- _What is required_:
When you reach a picture, skip it, and retype every line below exactly.

- _Stored items from a collection_:
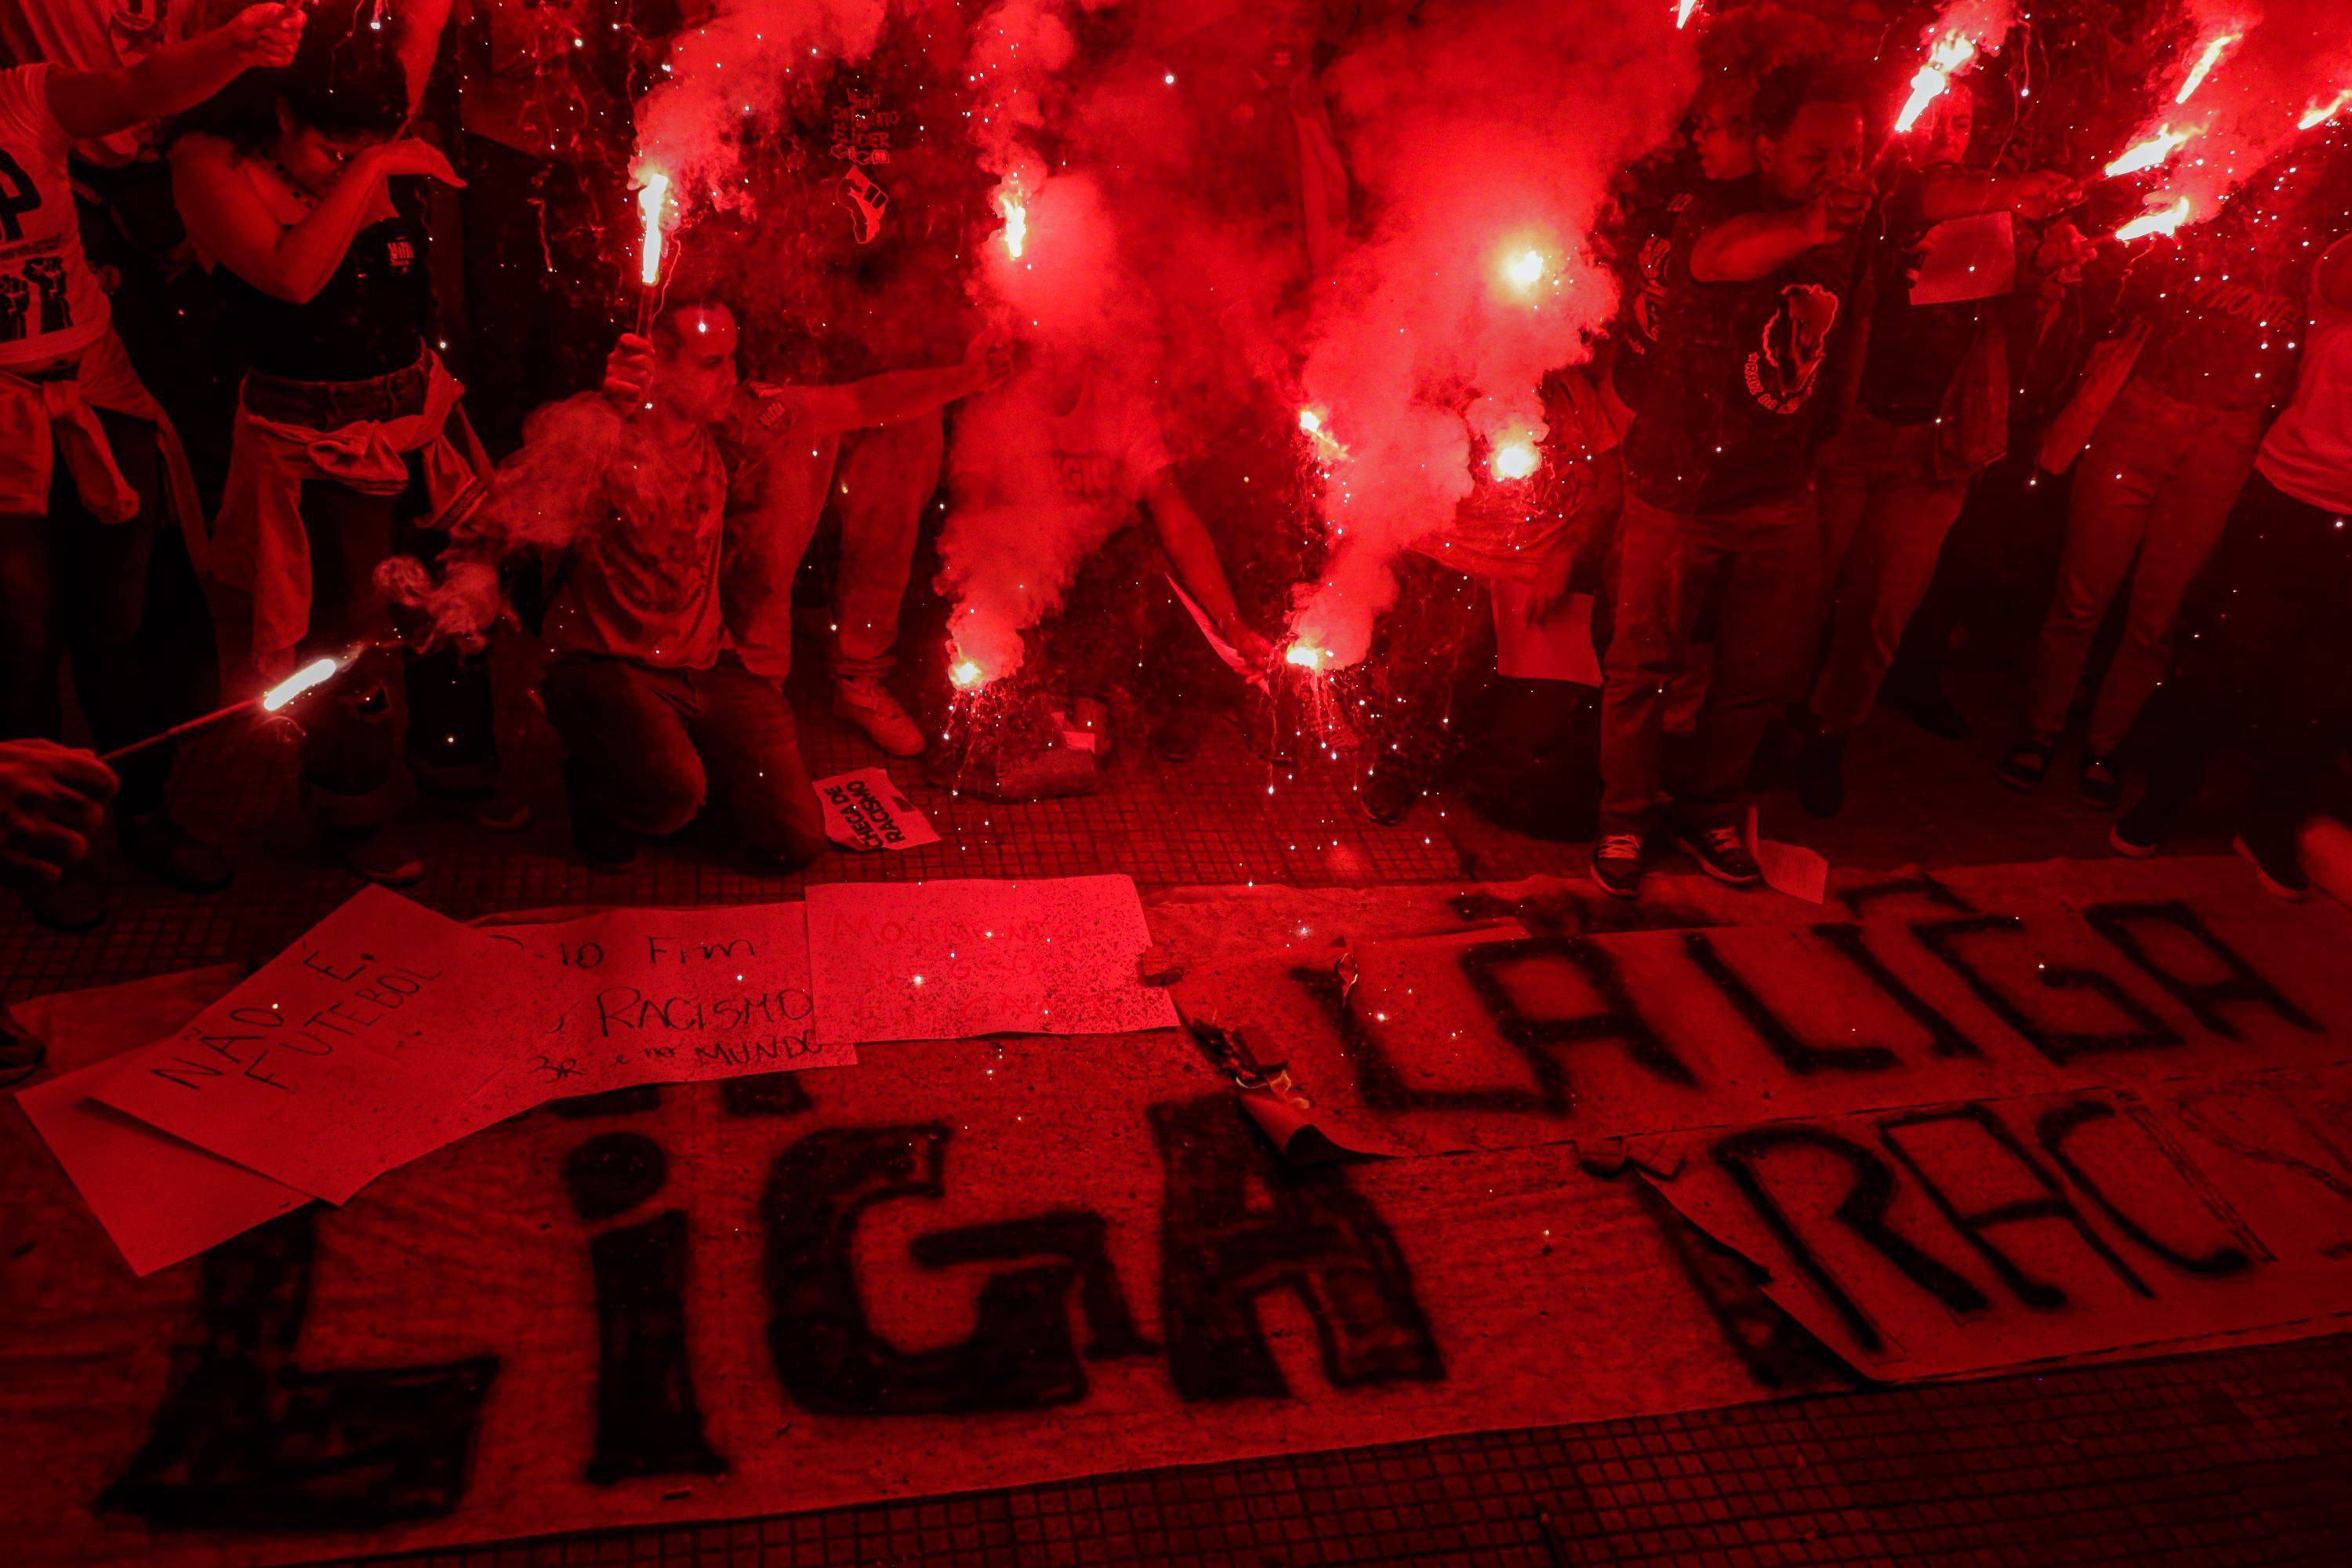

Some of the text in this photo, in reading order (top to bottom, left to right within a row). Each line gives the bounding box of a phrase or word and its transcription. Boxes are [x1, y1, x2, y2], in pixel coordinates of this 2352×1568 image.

[825, 785, 883, 848] CHEGA DE
[847, 780, 906, 843] RACISMO
[243, 965, 444, 1094] FUTEBOL
[596, 985, 813, 1037] RACISMO
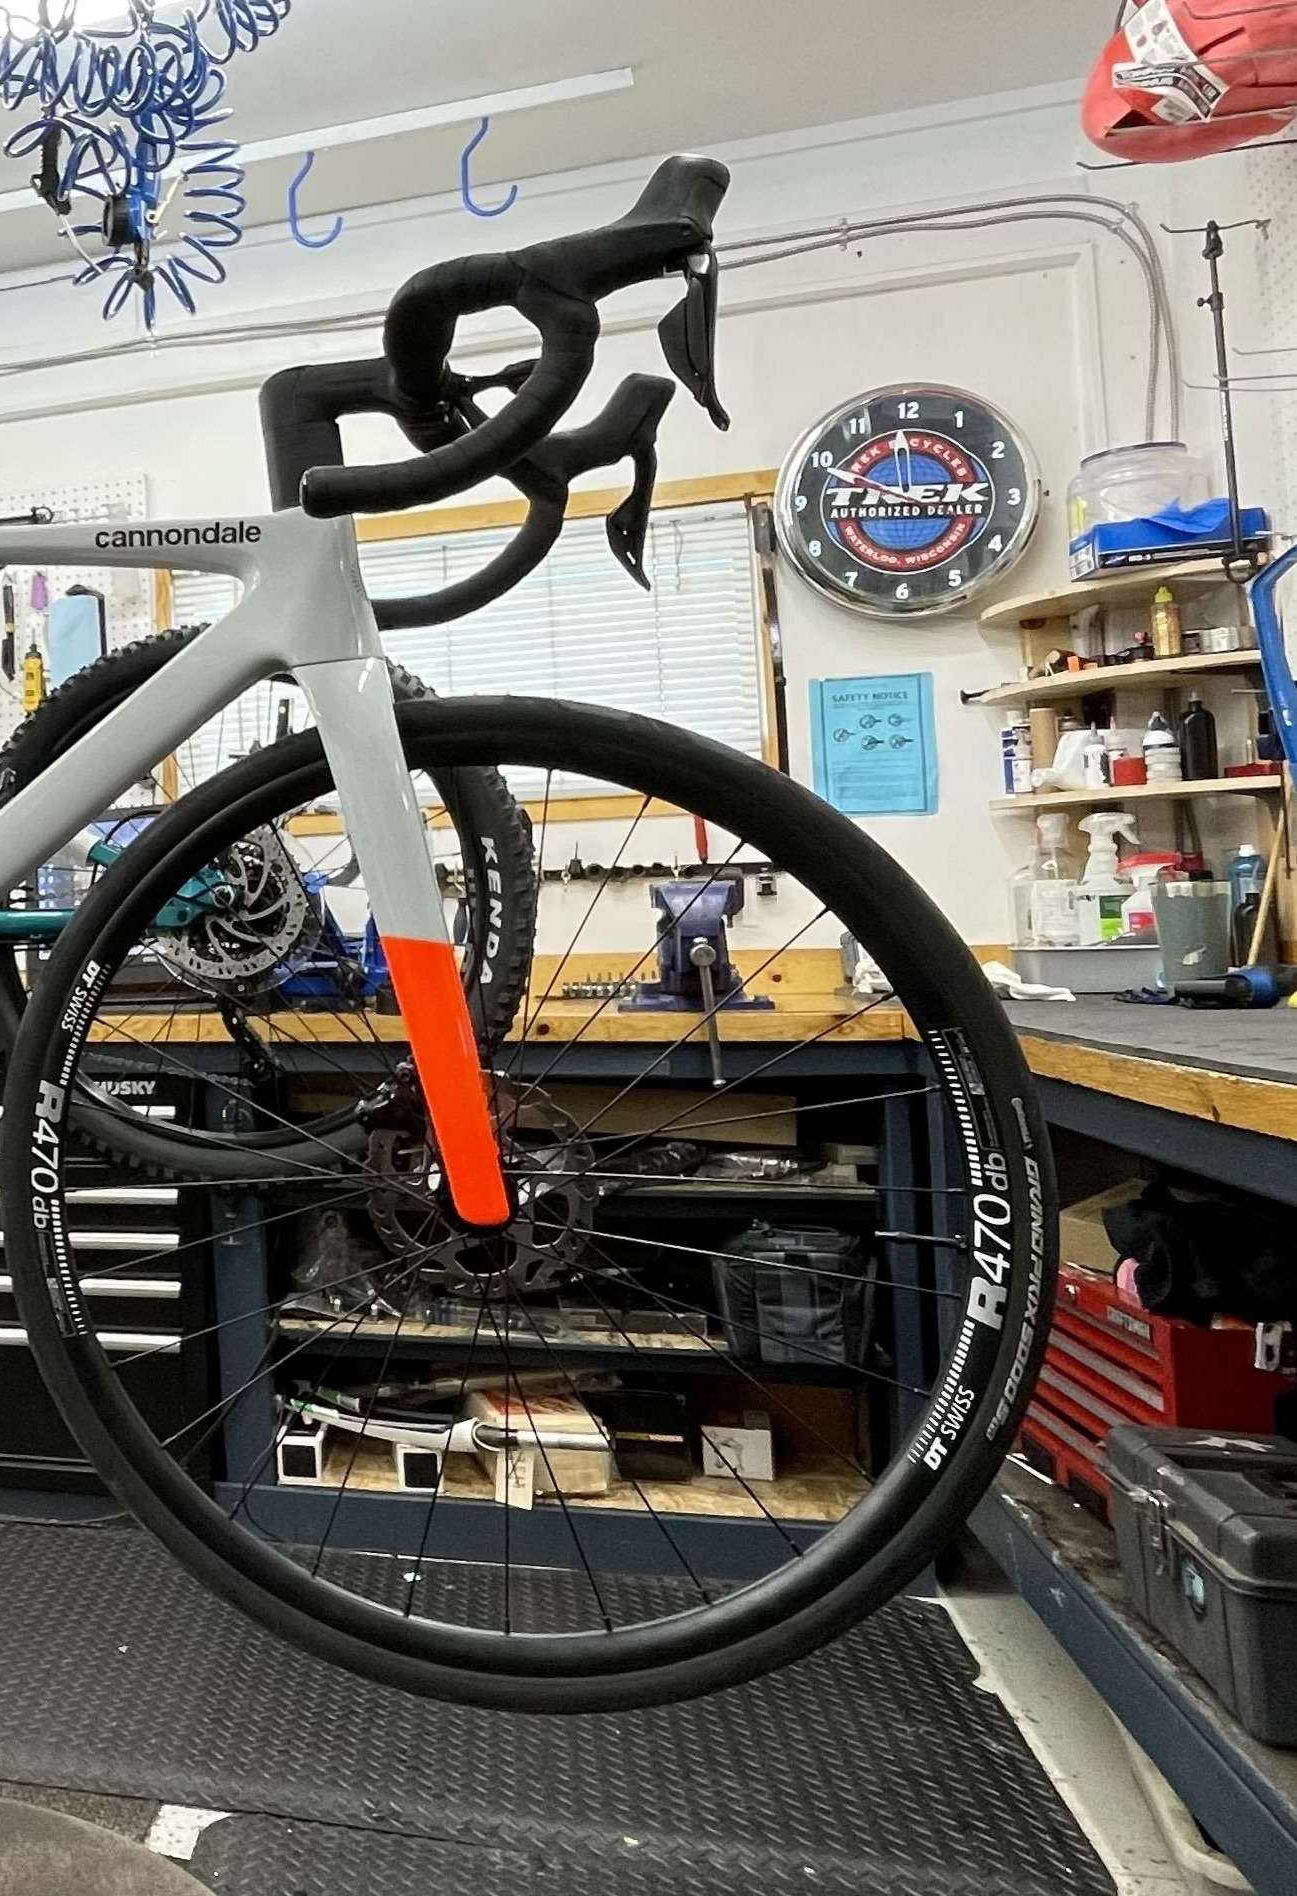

- _Reply to the task_:
Some of the text in this photo, in reading order (top to bottom, left to right within a row). Each line gives the bounding box of a phrase or word and its transcription. Boxes are [x1, y1, x2, y2], in pixel coordinates of this 2352×1568 image.

[825, 785, 883, 848] CHEGA DE
[847, 780, 906, 843] RACISMO
[243, 965, 444, 1094] FUTEBOL
[596, 985, 813, 1037] RACISMO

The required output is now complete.